The volumetric MRI measurements provide the cortical thickness, volume and shape of hippocampal or voxel-wise tissue probability [1,2,3,4] to measure the brain atrophy; 18-Fluoro-DeoxyGlucose PET imaging (FDG-PET) estimates the glucose hypometabolism in bilateral temporal, temporal, occipital areas or posterior cingulated brain regions [5,6,7]. Furthermore, global cognitive impairment tests are used by clinicians for screening and measuring individuals who are at the risk of AD; or cerebrospinal fluid (CSF) to measure the increase in t-tau, p-tau, or the decrease of amyloid-β, which is a sign of cognitive declination.
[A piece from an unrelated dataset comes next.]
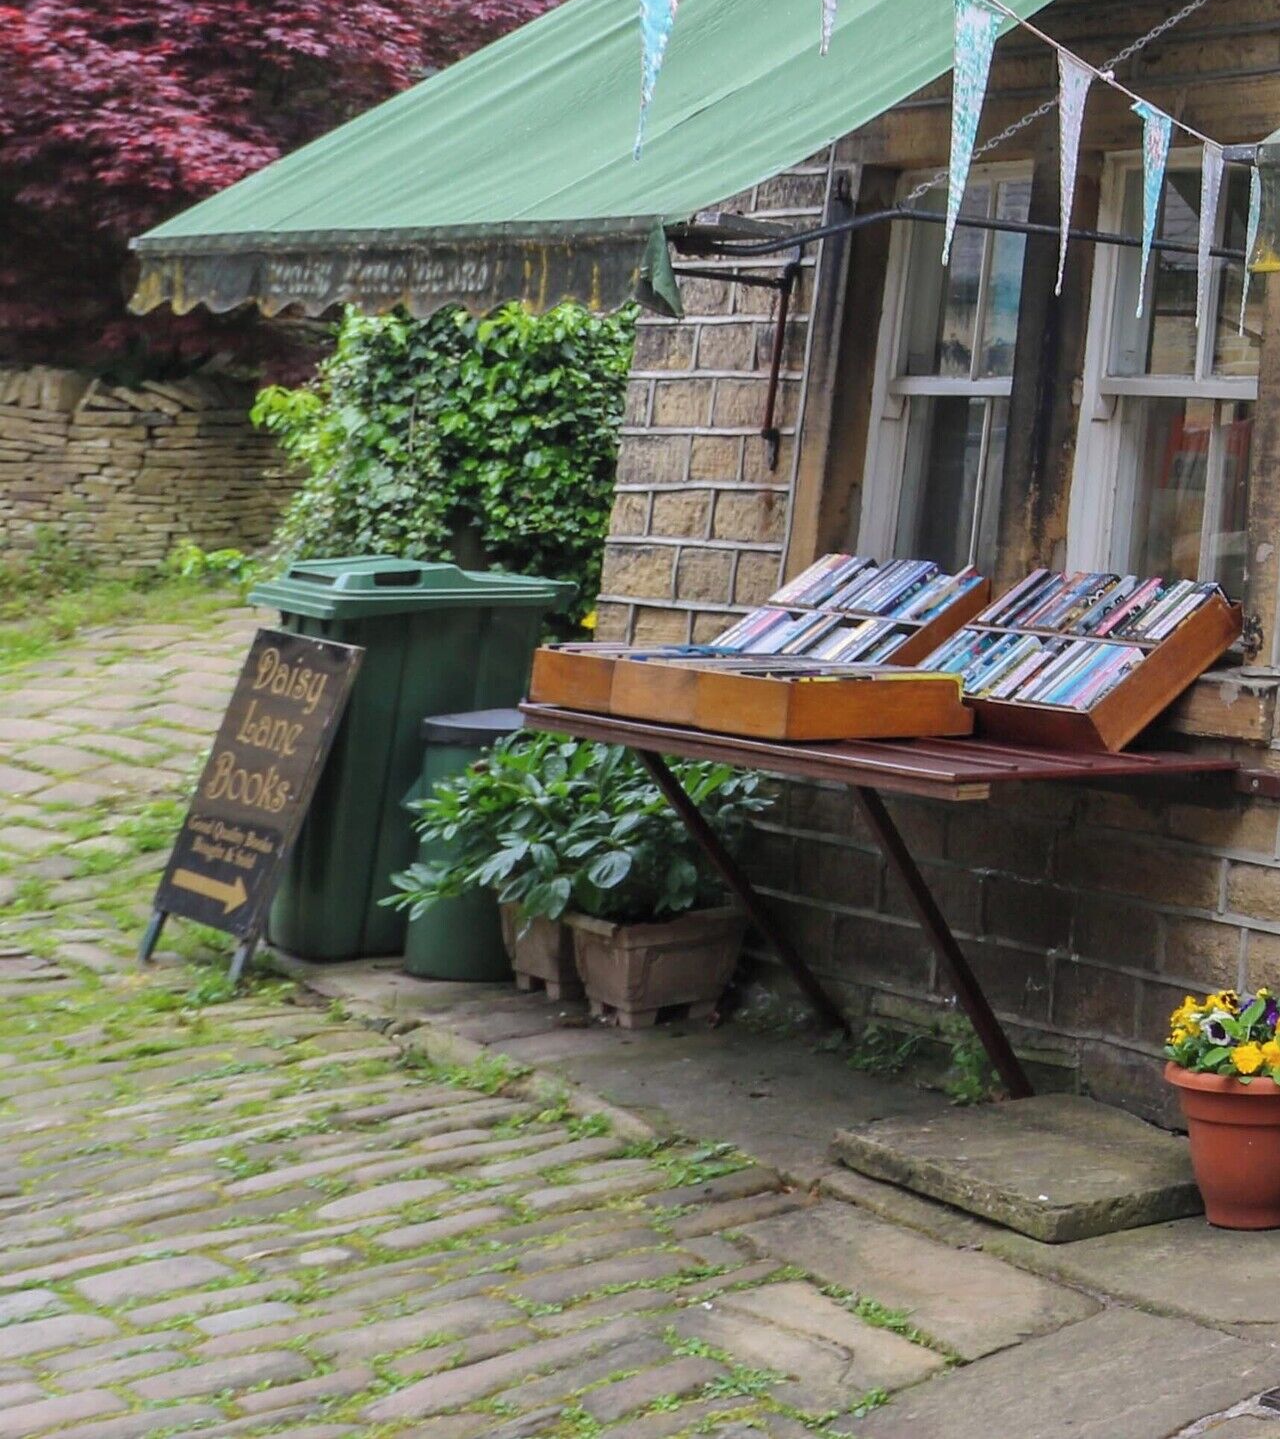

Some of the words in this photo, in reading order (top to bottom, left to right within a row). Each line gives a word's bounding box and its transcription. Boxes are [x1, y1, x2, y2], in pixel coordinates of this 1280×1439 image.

[254, 647, 329, 714] Daisy
[236, 701, 305, 760] Lane
[205, 751, 291, 812] Books
Therefore, in total 47 features are used to represent each subject at each time point.

3 Models

In this section, we briefly overview the LSTM and GRU models used in our model and then explain our model design using these architectures for classifying the subjects into one of the AD, MCI, or NC categories from longitudinal data.
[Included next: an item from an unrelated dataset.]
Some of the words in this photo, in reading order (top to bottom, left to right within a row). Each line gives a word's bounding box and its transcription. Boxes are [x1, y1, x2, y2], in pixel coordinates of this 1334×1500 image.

3.1 Long Short Term Memory Unit (LSTM)

RNNs with internal memory and feedback loop have previously been adopted mostly for processing arbitrary input sequences, like in handwriting recognition, speech recognition, natural language processing, and time series prediction applications. One of the main challenges in applying RNNs to long sequential data is that the gradient of some learnable weights become too small or too large if the network is unfolded for too many time steps. These phenomena are called the exploding and vanishing gradients problem [9]. LSTM was, hence, proposed by Hochreiter et al. for the first time in 1997 to solve the vanishing gradient problem through a gating mechanism [10]. An LSTM has three gates. The first gate determines whether the information should be forgotten or not. The second gate decides about updating the cell state, and the last gate is responsible for the cell output. Since then, several variations of LSTM architecture have been implemented especially with the utilization of Graphics Processing Units (GPUs).
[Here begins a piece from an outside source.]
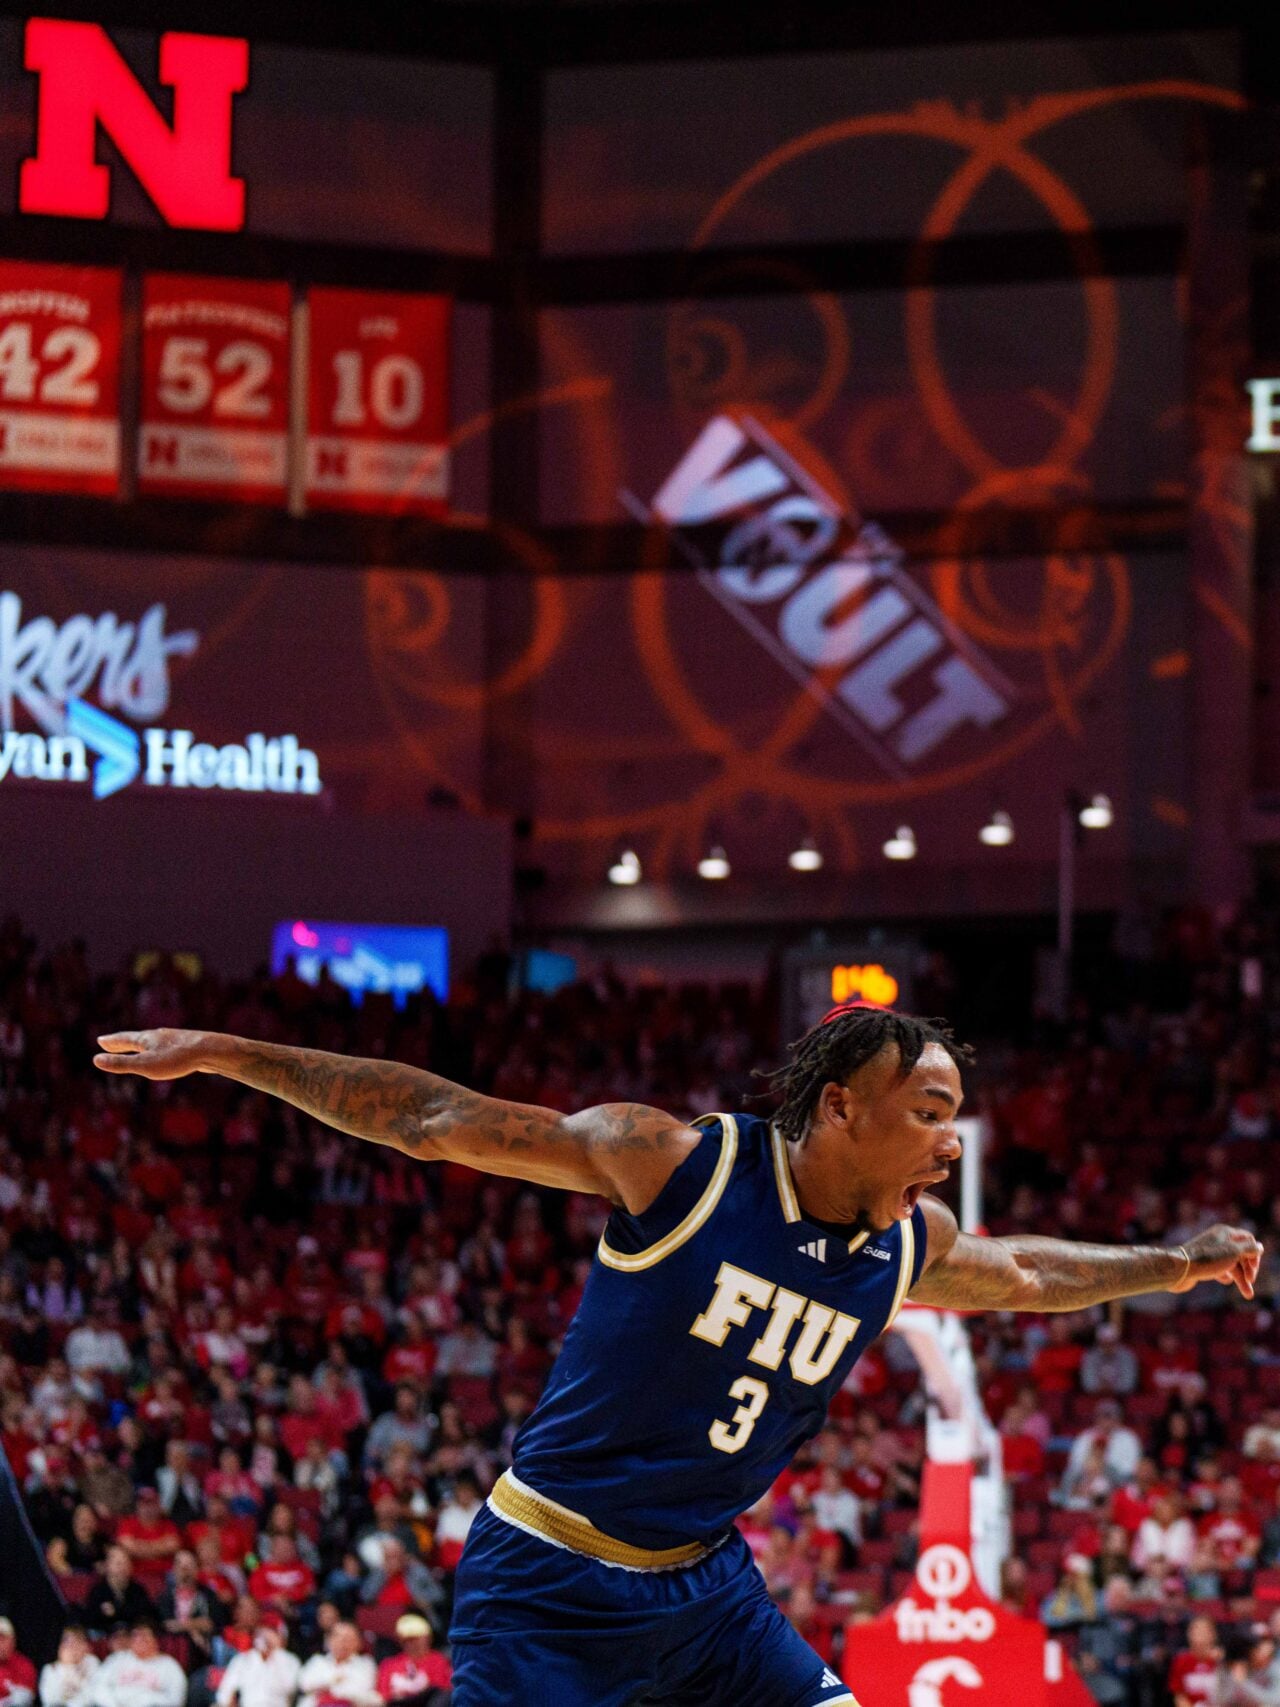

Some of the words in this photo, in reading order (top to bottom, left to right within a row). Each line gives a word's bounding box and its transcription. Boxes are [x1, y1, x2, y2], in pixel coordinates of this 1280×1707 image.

3.2 Gated Recurrent Unit (GRU)

To adaptively capture dependencies of different time scales in each recurrent unit, Cho et al. [11] introduced a gated recurrent unit (GRU). Similar but not the same as LSTM design, GRU has two gates, a reset gate r, and an update gate z. Intuitively, the reset gate determines how to combine the new input with the previous memory, and the update gate defines how much of the past memory to keep around. Having simpler architecture than LSTM with a smaller number of parameters, GRU provides better results in some applications [12] and is less prone to overfitting, especially in cases that there are not enough training data.

3.3 Our Model

RNN models have achieved popularity due to their power in pattern recognition for the time series and sequential data. While there are plenty of research papers on regression and classification modeling of AD data with well-established and novel machine learning techniques, along with many deep convolutional neural networks for 2D and 3D brain MRI classification, number of research works exploiting RNNs for finding the patterns in the AD longitudinal data sets is limited [13,14,15,16,17,18]. Only a few papers recently adopted them for regression analysis on the clinical medical data [19]. Here, we employ RNN deep learning techniques for the classification of the subjects. All features are normalized by subtracting the mean value of each feature and dividing the result by the standard deviation of that feature in all samples (i.e., using their z-scores), before the analysis. To deal with missing modalities, we simply replace them with zero values. Since our goal is to showcase the usage of RNNs for longitudinal predictive analysis, we leave extensive data imputation experiments for future works. A recent work also models AD progression with RNN models [20]; however our work is different from that in multiple aspects. We use not only MRI features but also PET, Cognitive tests, and genetic features for modeling the disease. We also propose multiple approaches for handling the missing intervals and compare the potential RNN models with each other.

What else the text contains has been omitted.